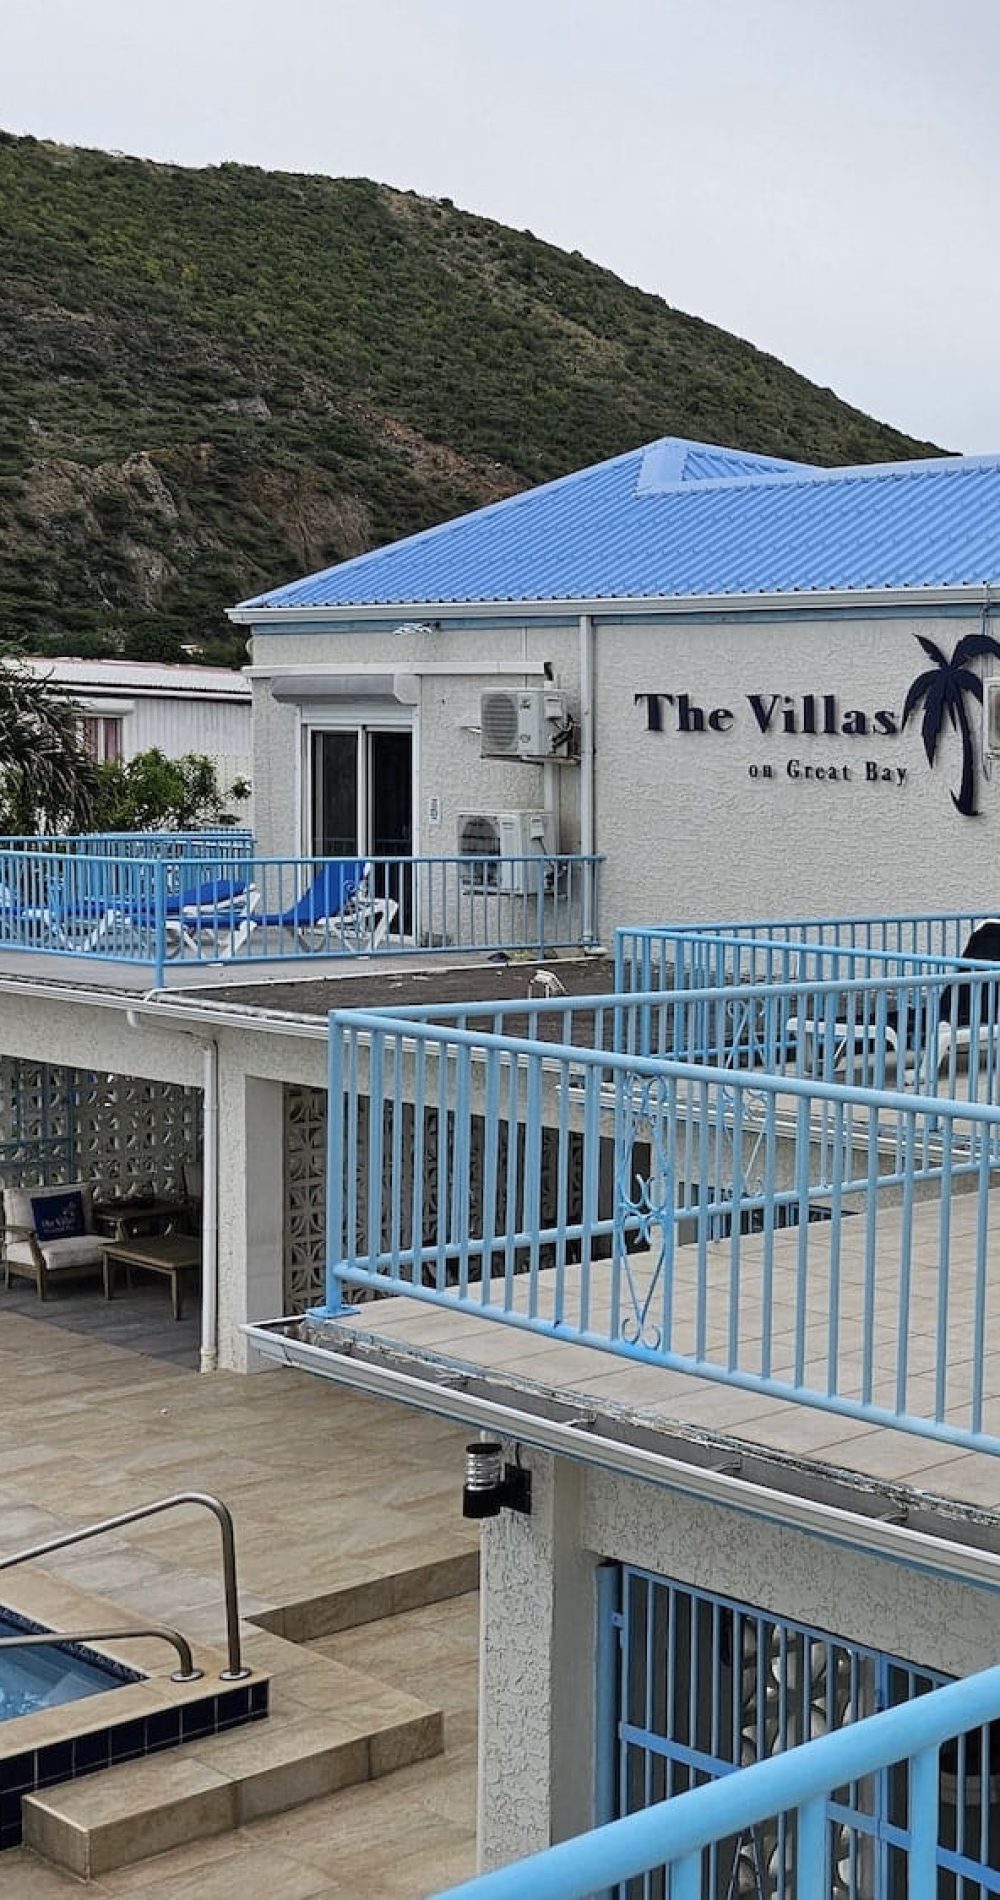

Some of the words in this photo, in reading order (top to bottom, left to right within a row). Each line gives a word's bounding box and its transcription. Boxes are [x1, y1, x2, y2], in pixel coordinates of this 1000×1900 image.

[634, 693, 734, 733] The
[746, 693, 902, 737] Villas
[749, 764, 773, 779] on
[786, 759, 851, 782] Great
[865, 761, 908, 787] Bay
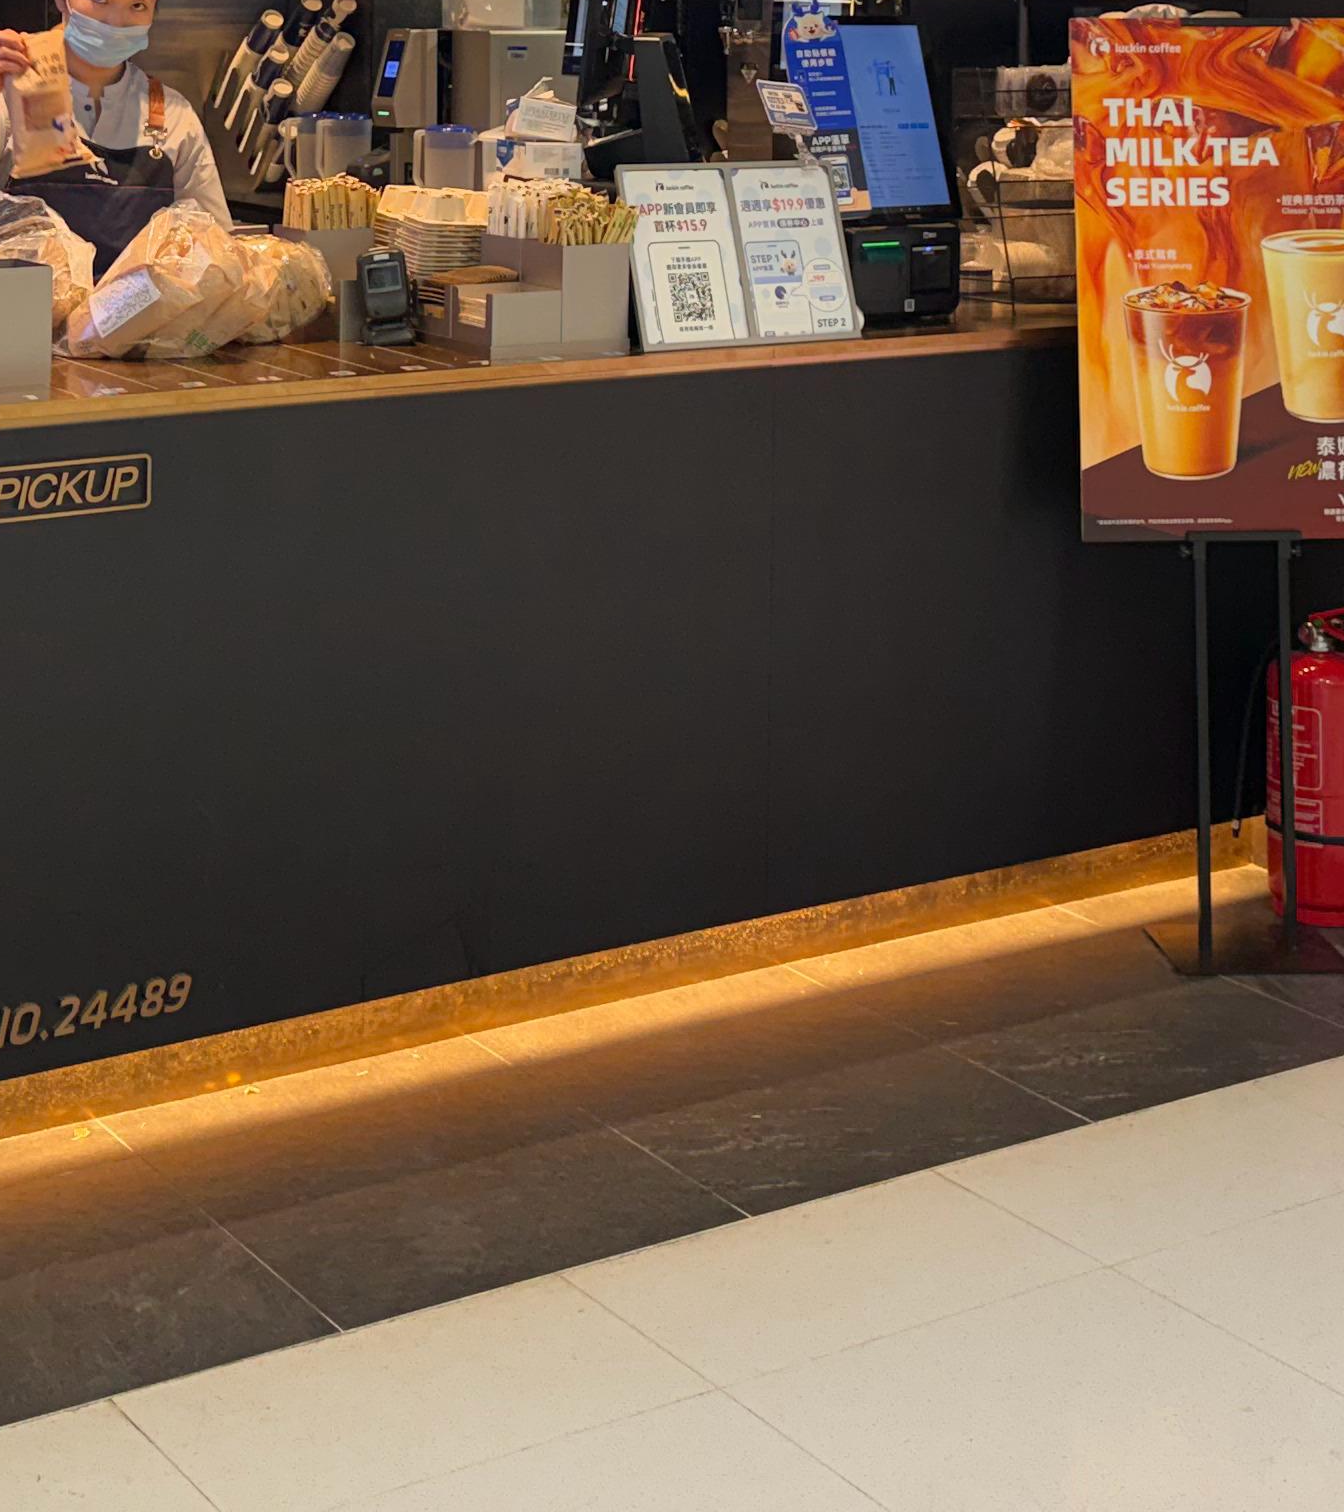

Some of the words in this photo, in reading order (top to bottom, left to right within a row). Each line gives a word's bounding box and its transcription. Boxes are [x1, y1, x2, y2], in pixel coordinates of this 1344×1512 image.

[1115, 42, 1146, 53] luckin
[1148, 42, 1181, 53] coffee
[1103, 97, 1193, 127] THAI
[1106, 137, 1200, 166] MILK
[1207, 137, 1280, 166] TEA
[1106, 177, 1230, 207] SERIES
[750, 255, 773, 264] STEP
[817, 318, 839, 327] STEP
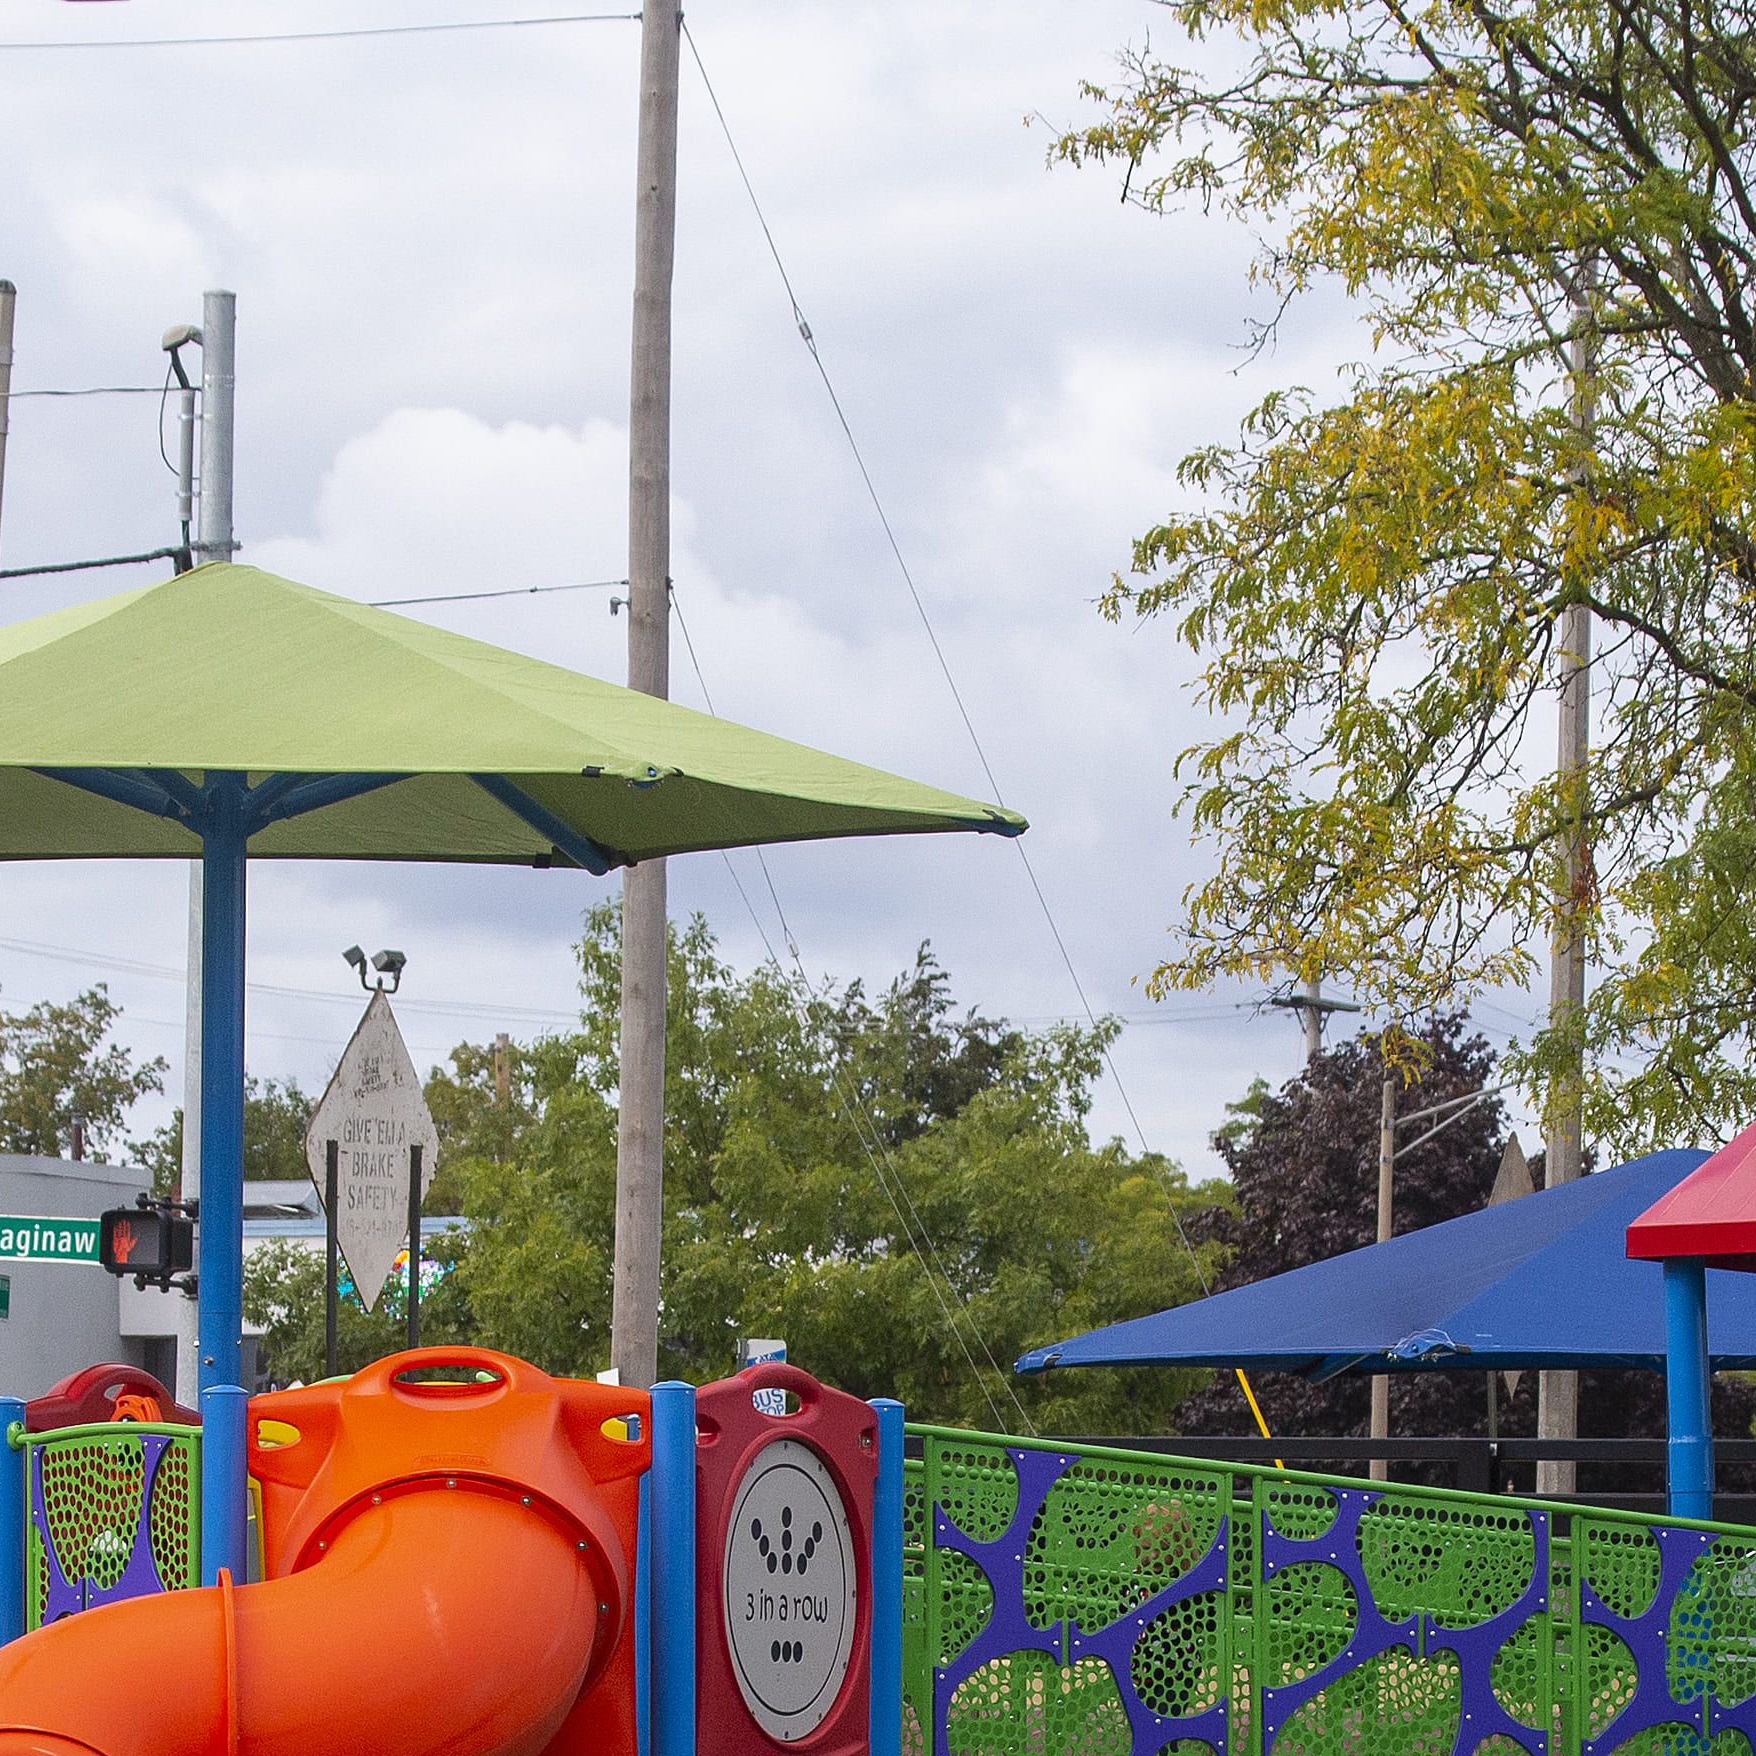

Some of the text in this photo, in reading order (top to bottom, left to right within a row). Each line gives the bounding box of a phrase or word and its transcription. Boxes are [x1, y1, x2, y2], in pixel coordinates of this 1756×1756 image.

[343, 1119, 371, 1143] GIVE
[352, 1151, 394, 1178] BRAKE
[347, 1185, 397, 1211] SAFETY
[753, 1388, 783, 1409] BUS
[745, 1588, 828, 1623] 3 in a row

* ACTIVITY: Please output every entry exactly as written, apart from the pictures.

* OUTPUT FOR THIS EXERCISE:
Some of the words in this photo, in reading order (top to bottom, left to right within a row). Each line gives a word's bounding box and its transcription. Boxes are [x1, y1, x2, y2], in pixel coordinates of this 1000×1900 image.

[634, 693, 734, 733] The
[746, 693, 902, 737] Villas
[749, 764, 773, 779] on
[786, 759, 851, 782] Great
[865, 761, 908, 787] Bay

Some of the words in this photo, in reading order (top to bottom, left to right within a row). Each line gives a word's bounding box and its transcription. Boxes are [x1, y1, x2, y2], in pixel coordinates of this 1344×1512 image.

[1115, 42, 1146, 53] luckin
[1148, 42, 1181, 53] coffee
[1103, 97, 1193, 127] THAI
[1106, 137, 1200, 166] MILK
[1207, 137, 1280, 166] TEA
[1106, 177, 1230, 207] SERIES
[750, 255, 773, 264] STEP
[817, 318, 839, 327] STEP

Some of the text in this photo, in reading order (top to bottom, left to right within a row). Each line gives the bounding box of a phrase or word and its transcription. Boxes are [x1, y1, x2, y2], in pixel coordinates of this 1756×1756 image.

[343, 1119, 371, 1143] GIVE
[352, 1151, 394, 1178] BRAKE
[347, 1185, 397, 1211] SAFETY
[753, 1388, 783, 1409] BUS
[745, 1588, 828, 1623] 3 in a row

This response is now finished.